▶ [TASK INPUTS]

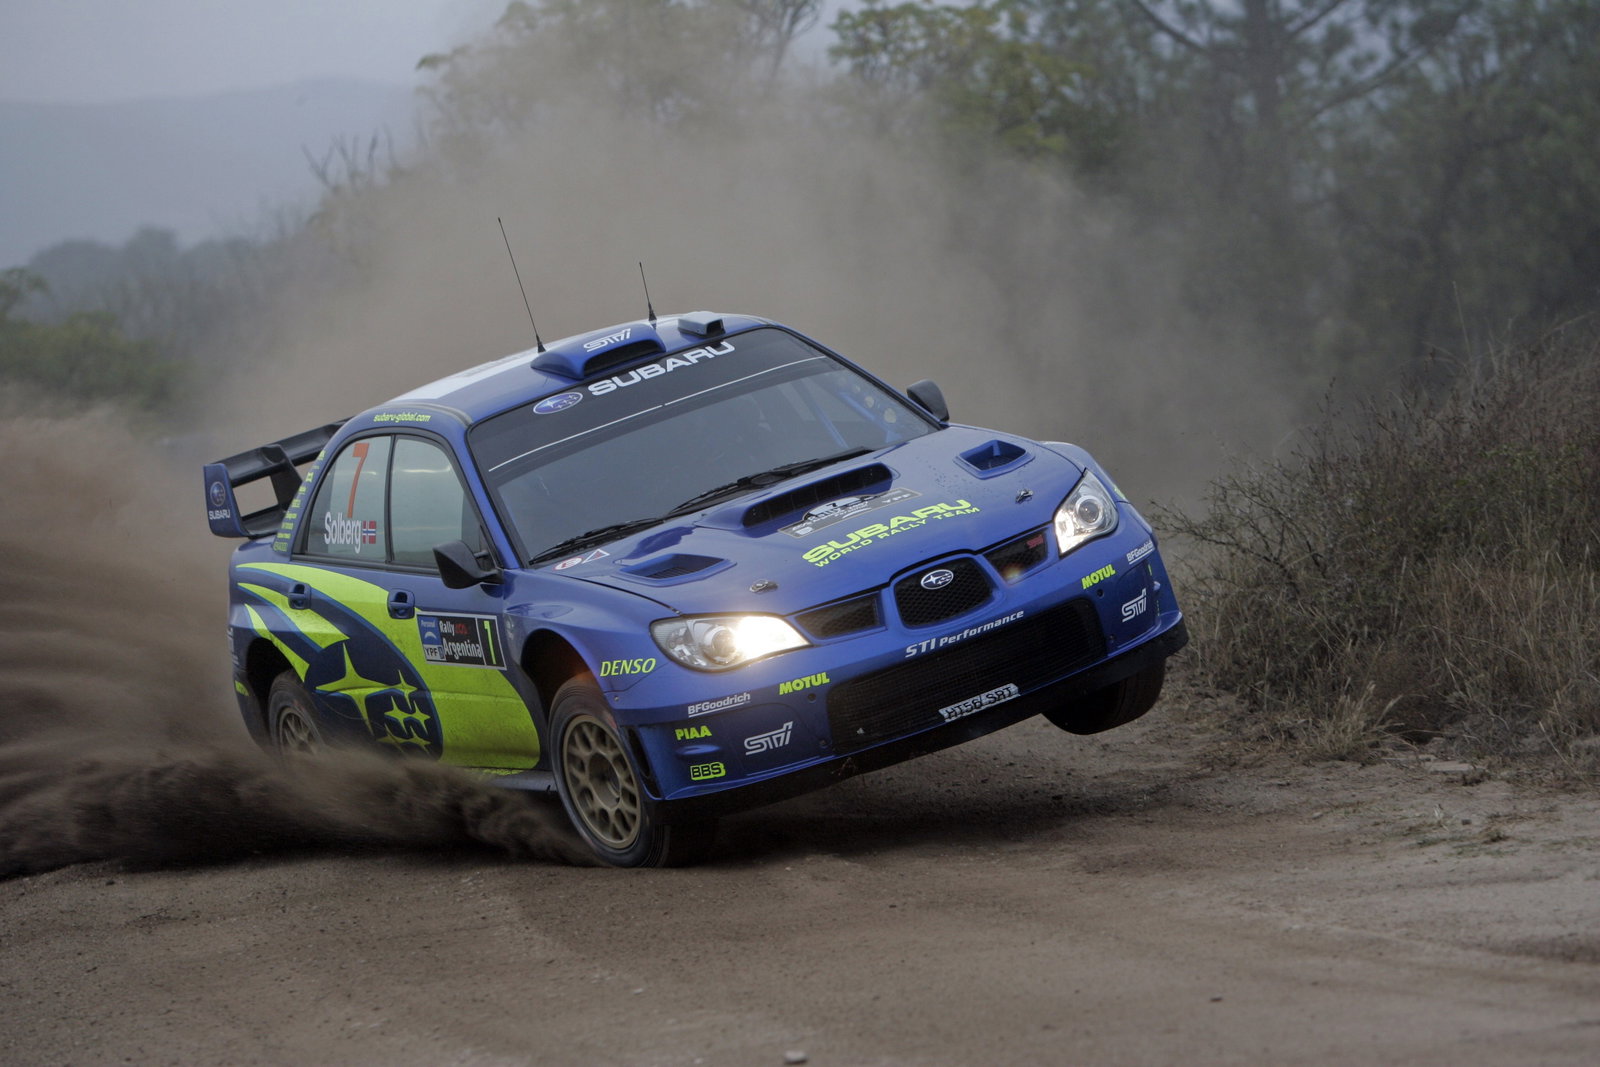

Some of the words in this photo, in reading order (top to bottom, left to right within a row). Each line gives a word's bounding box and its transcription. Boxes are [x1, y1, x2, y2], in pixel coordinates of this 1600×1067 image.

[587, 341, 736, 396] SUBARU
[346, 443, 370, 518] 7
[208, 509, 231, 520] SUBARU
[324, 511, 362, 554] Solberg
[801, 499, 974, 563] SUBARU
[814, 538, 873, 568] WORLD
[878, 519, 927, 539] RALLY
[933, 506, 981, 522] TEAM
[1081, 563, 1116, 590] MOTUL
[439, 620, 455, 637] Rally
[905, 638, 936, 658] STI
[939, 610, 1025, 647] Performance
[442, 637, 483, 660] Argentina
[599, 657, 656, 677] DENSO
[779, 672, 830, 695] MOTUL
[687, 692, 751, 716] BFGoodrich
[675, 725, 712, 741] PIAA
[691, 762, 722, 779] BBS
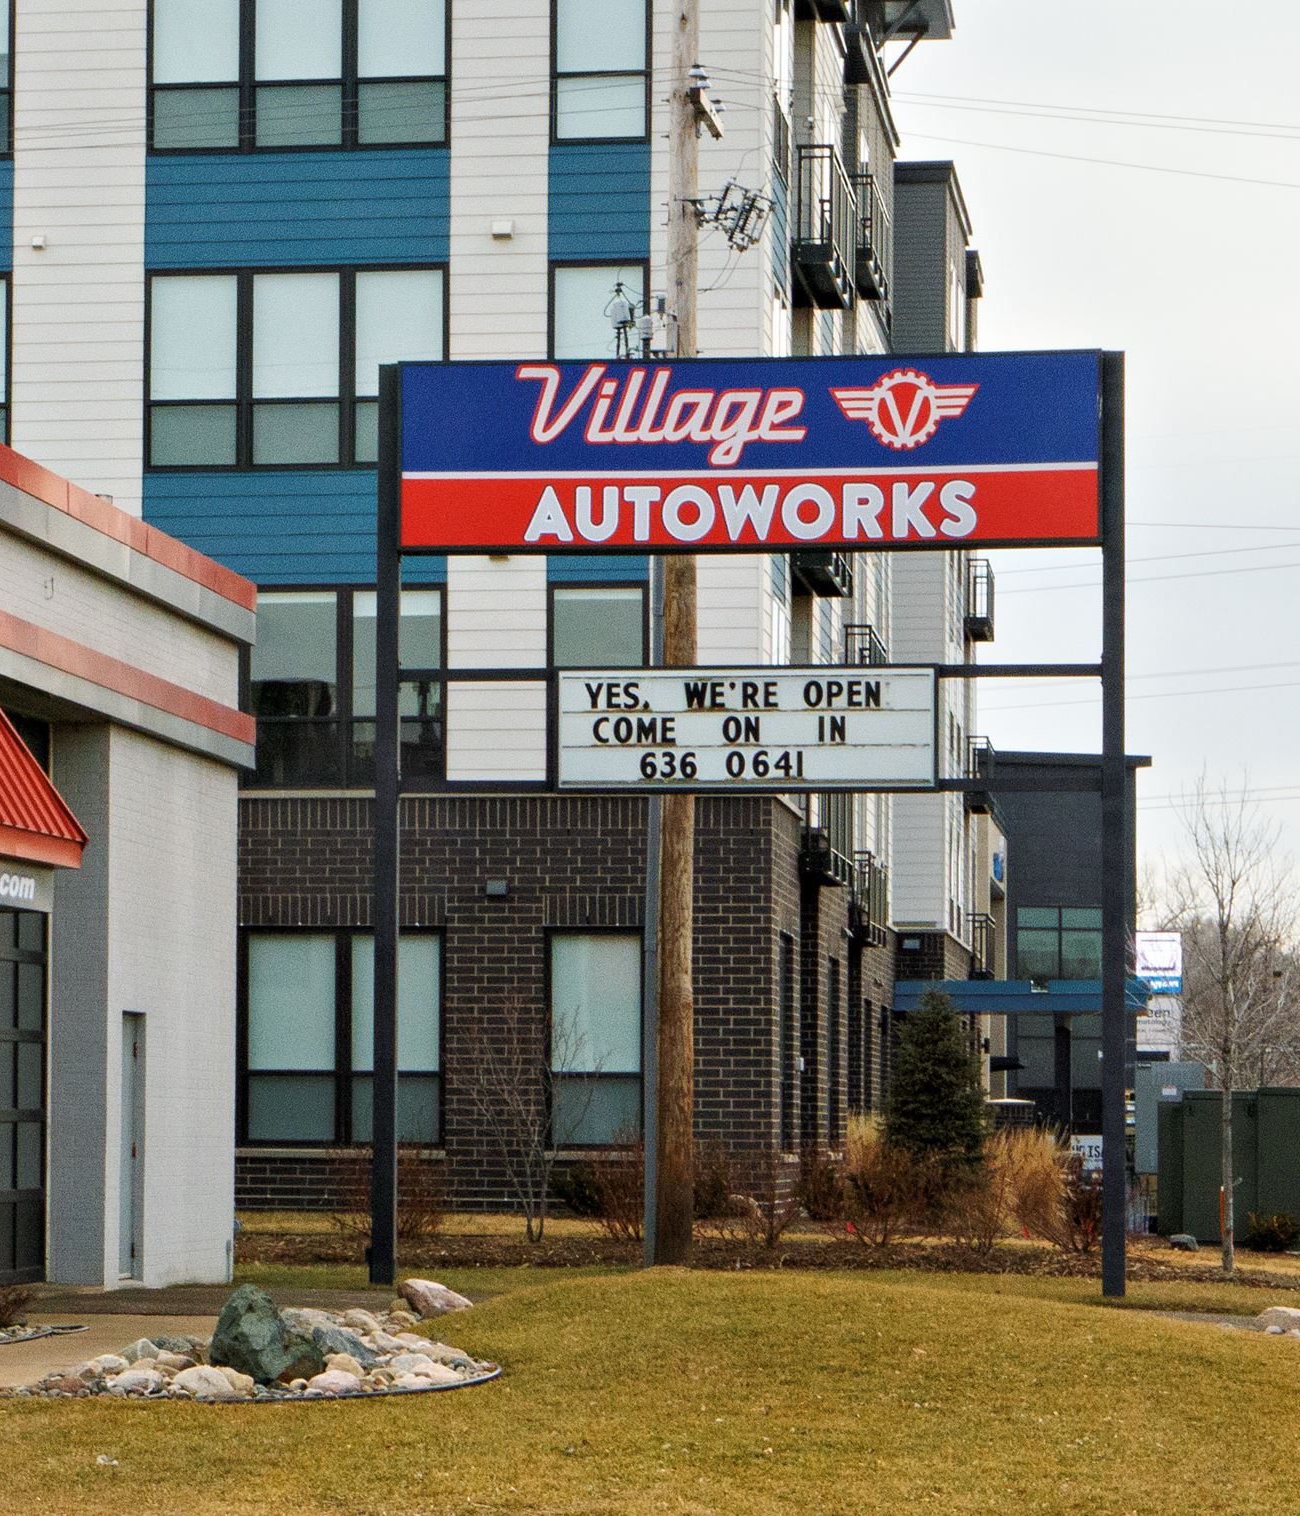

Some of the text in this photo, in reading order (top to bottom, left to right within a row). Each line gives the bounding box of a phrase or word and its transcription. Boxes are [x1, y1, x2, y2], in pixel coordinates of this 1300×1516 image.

▶ [THE TASK]
Could you restate the entries word for word, skipping any pictures?

▶ [RESPONSE]
Some of the words in this photo, in reading order (top to bottom, left to right within a row). Each line gives a word's bounding box and its transcription. Boxes are [x1, y1, x2, y2], in pixel coordinates of this 1600×1067 image.

[587, 341, 736, 396] SUBARU
[346, 443, 370, 518] 7
[208, 509, 231, 520] SUBARU
[324, 511, 362, 554] Solberg
[801, 499, 974, 563] SUBARU
[814, 538, 873, 568] WORLD
[878, 519, 927, 539] RALLY
[933, 506, 981, 522] TEAM
[1081, 563, 1116, 590] MOTUL
[439, 620, 455, 637] Rally
[905, 638, 936, 658] STI
[939, 610, 1025, 647] Performance
[442, 637, 483, 660] Argentina
[599, 657, 656, 677] DENSO
[779, 672, 830, 695] MOTUL
[687, 692, 751, 716] BFGoodrich
[675, 725, 712, 741] PIAA
[691, 762, 722, 779] BBS

Some of the text in this photo, in reading order (top to bottom, left to right within a row). Each line gives the bounding box of a phrase or word and its transcription. Boxes are [x1, y1, x2, y2], in pixel coordinates of this 1300×1516 image.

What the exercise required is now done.